Now that we have our linker configured to locate our initialization code in the right place, and are exporting the addresses of important features such as the global pointer and initial stack pointer, we can start writing the lowest level code for our system. This startup code will initialize our stack, so that we can safely make function calls, the global pointer, so that linker-relaxed addressing works, and then call into our next section of initialization code:

# Since we need to ensure that this is the very first code the CPU runs at
# startup, we place it in a special reset vector section that we link before
# anything else in the .text region
.section .reset_vector

# In order to initialize the stack pointer, we need to know where in memory
# the stack begins. Our linker script will provide this symbol.
.global _stack

# Our main application entrypoint label
start:

# Initialize global pointer
# Need to set norelax here, otherwise the optimizer will convert this to
# mv gp, gp which wouldn't be very useful.
.option push
.option norelax
la gp, __global_pointer$
.option pop

# Load the address of the _stack label into the stack pointer
la sp, _stack

# Once the register file is initialized and the stack pointer is set, we can
# jump to our actual program entry point
call reset_handler

# If our reset handler ever returns, just keep the CPU in an infinite loop.
loop:
j loop

Once the assembly code above has initialized the state of the gp and sp registers, we are able to safely start calling methods and executing code beyond careful assembly, so for the next few initialization steps we jump to the reset_handler method, which we will write in C:

// In our linker script, we defined these symbols at the start of the
// region in ROM where we need to copy initialized data from, and at the start
// and end of the data section that we need to copy that data to
extern unsigned _data_loadaddr, _data, _edata;

// Likewise, the locations of the preinit, init and fini arrays are generated
// by the linker, so we need to tell the compiler that they are defined
typedef void (*void_fun)(void);
extern void_fun __preinit_array_start, __preinit_array_end;
extern void_fun __init_array_start, __init_array_end;
extern void_fun __fini_array_start, __fini_array_end;

// In order for the reset_handler symbol to be usable by the assembly above, we
// need to protect it from the C++ name mangler.
// Likewise, we need to assert that there exists somewhere an application
// main() that we can invoke.
extern "C" {
int main(void);
void reset_handler(void);
}

void reset_handler(void) {
  // Load the initialized .data section into place
  volatile unsigned *src, *dest;
  for (src = &_data_loadaddr, dest = &_data; dest < &_edata; src++, dest++) {
    *dest = *src;
  }

  // Handle C++ constructors / anything with __attribute__(constructor)
  // These regions contain an array of function pointers, so we simply need to
  // iterate each and invoke them
  void_fun *fp;
  for (fp = &__preinit_array_start; fp < &__preinit_array_end; fp++) {
    (*fp)();
  }
  for (fp = &__init_array_start; fp < &__init_array_end; fp++) {
    (*fp)();
  }

  // At last, we can jump to our actual application level code
  main();

  // Should our application code ever exit (unusual in embedded), we may as
  // well run the desctructors properly
  for (fp = &__fini_array_start; fp < &__fini_array_end; fp++) {
    (*fp)();
  }
}

Memory-mapped IO

After building our way up from the bottom, we have finally arrived at the application level. From here, we can implement int main() and proceed to write firmware with impunity. But we didn’t come all this way just to run code in isolation, we want our code to be able to reach out and interact with the peripherals we build into our FPGA. So to that end, let’s take a look at how memory mapped IO works from the firmware side.

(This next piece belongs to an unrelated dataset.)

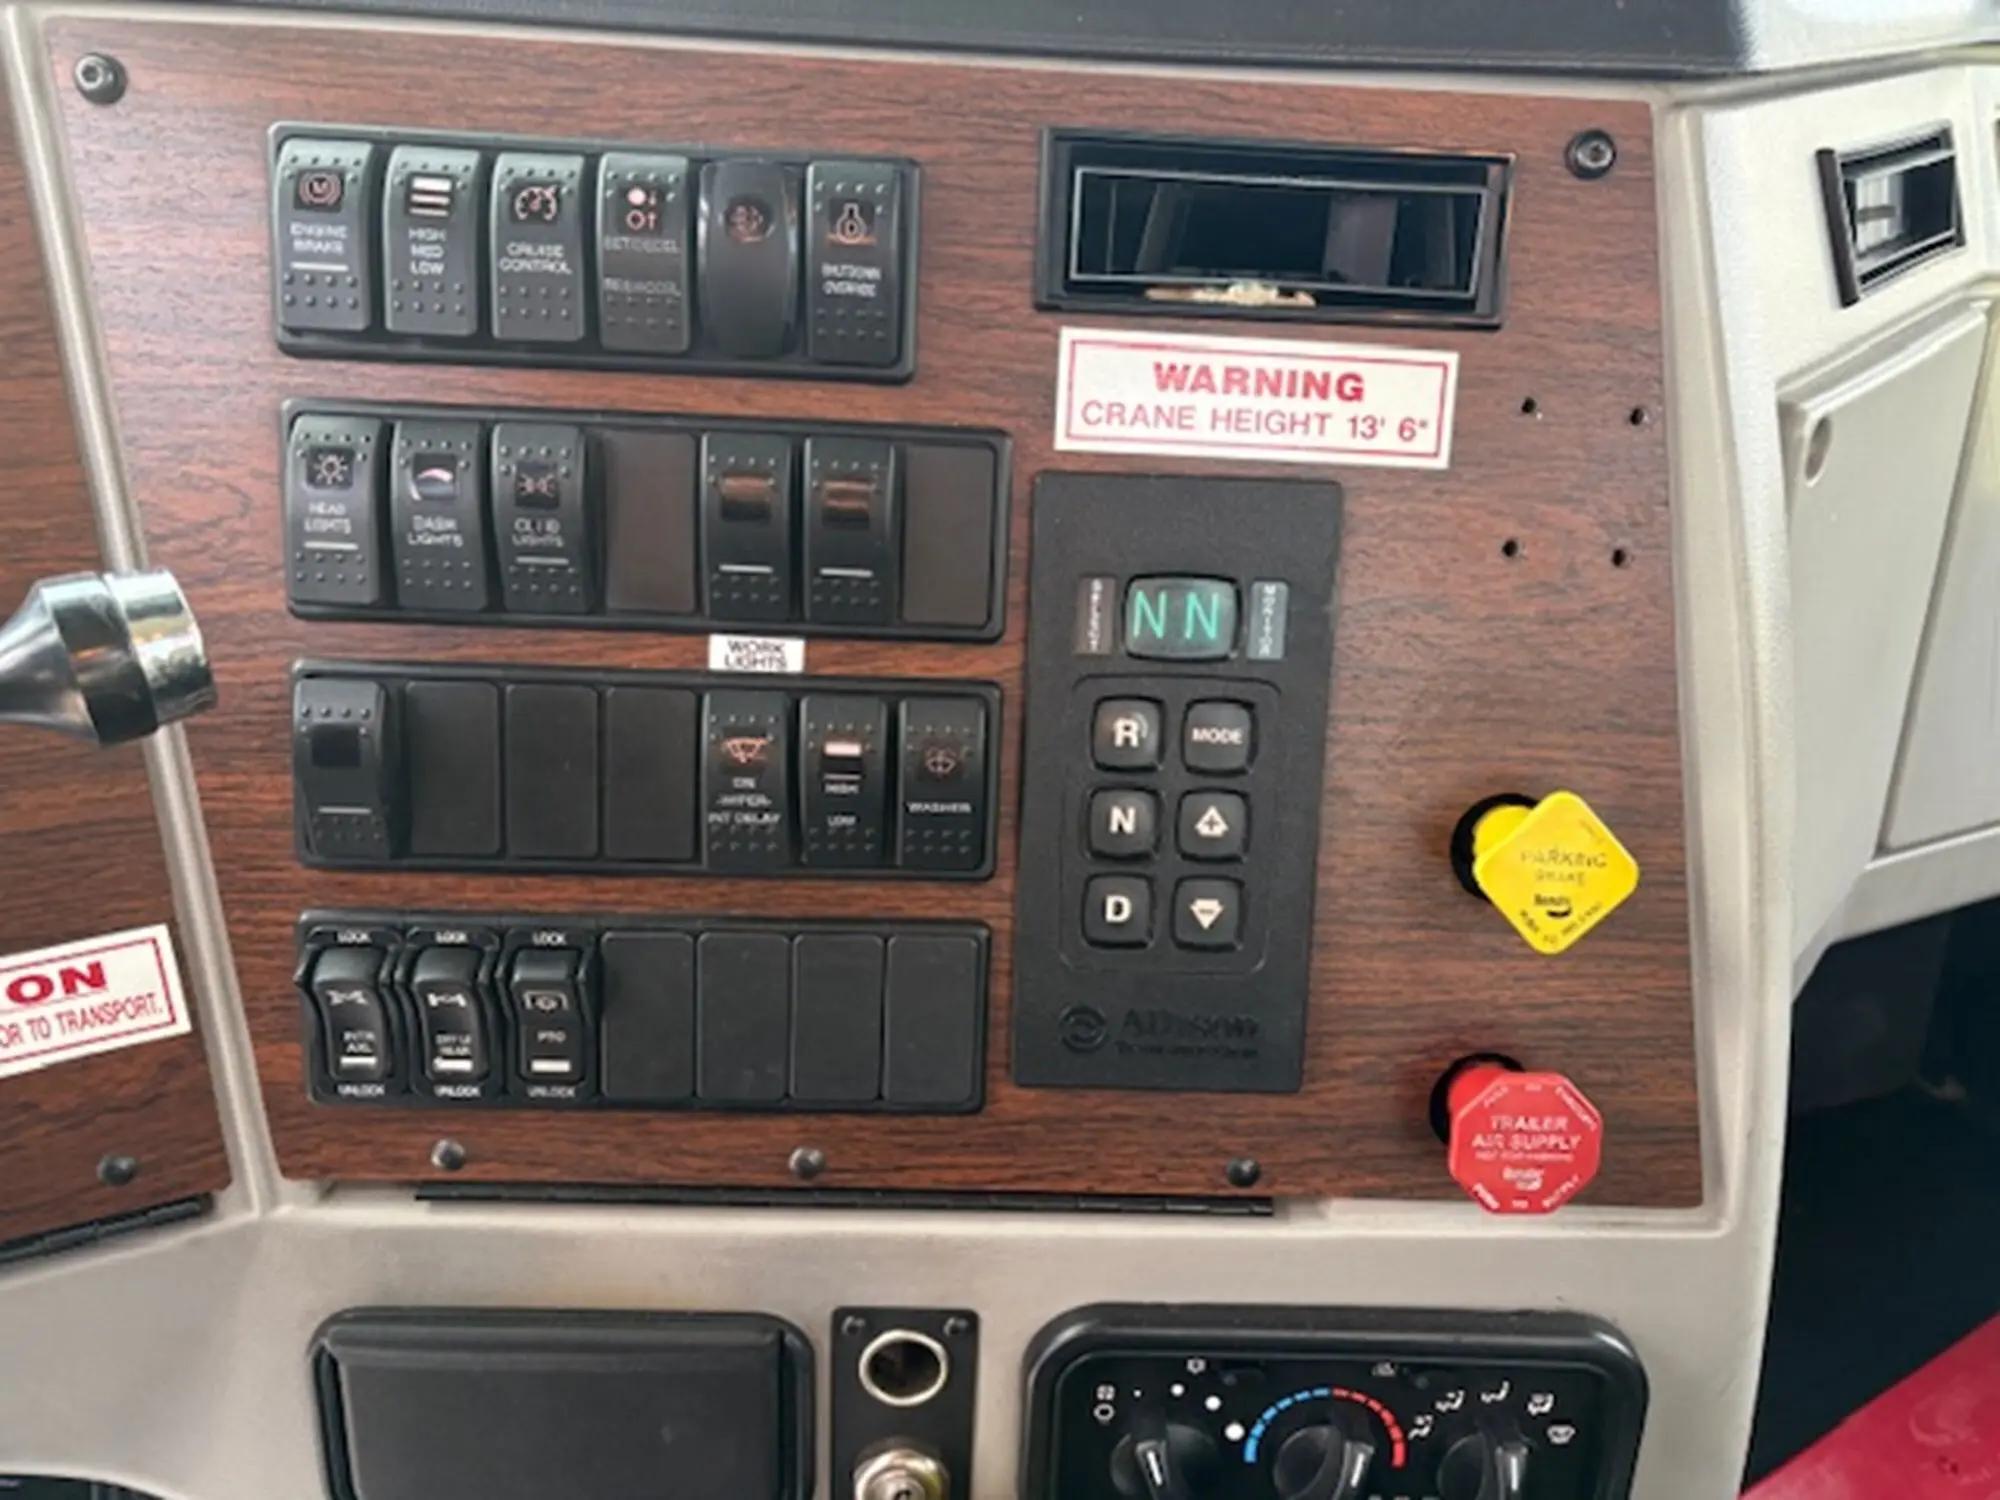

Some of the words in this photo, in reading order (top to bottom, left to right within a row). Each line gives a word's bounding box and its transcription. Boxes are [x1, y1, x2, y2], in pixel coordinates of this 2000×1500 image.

We saw earlier that our CPU has two buses - an instruction bus and a data bus. When it needs to fetch instructions, the instruction bus reaches out over Wishbone and makes a read transaction at the relevant address. Similarly, if a load or store is executed, the data bus will generate a Wishbone transaction against the given location. But there is nothing that states that location has to be a memory - we are free to have those reads and writes be routed to any wishbone peripheral we desire. So let’s create a simple RGB LED controller that’s accessible over wishbone, and demonstrate how we can control and query it from our C code.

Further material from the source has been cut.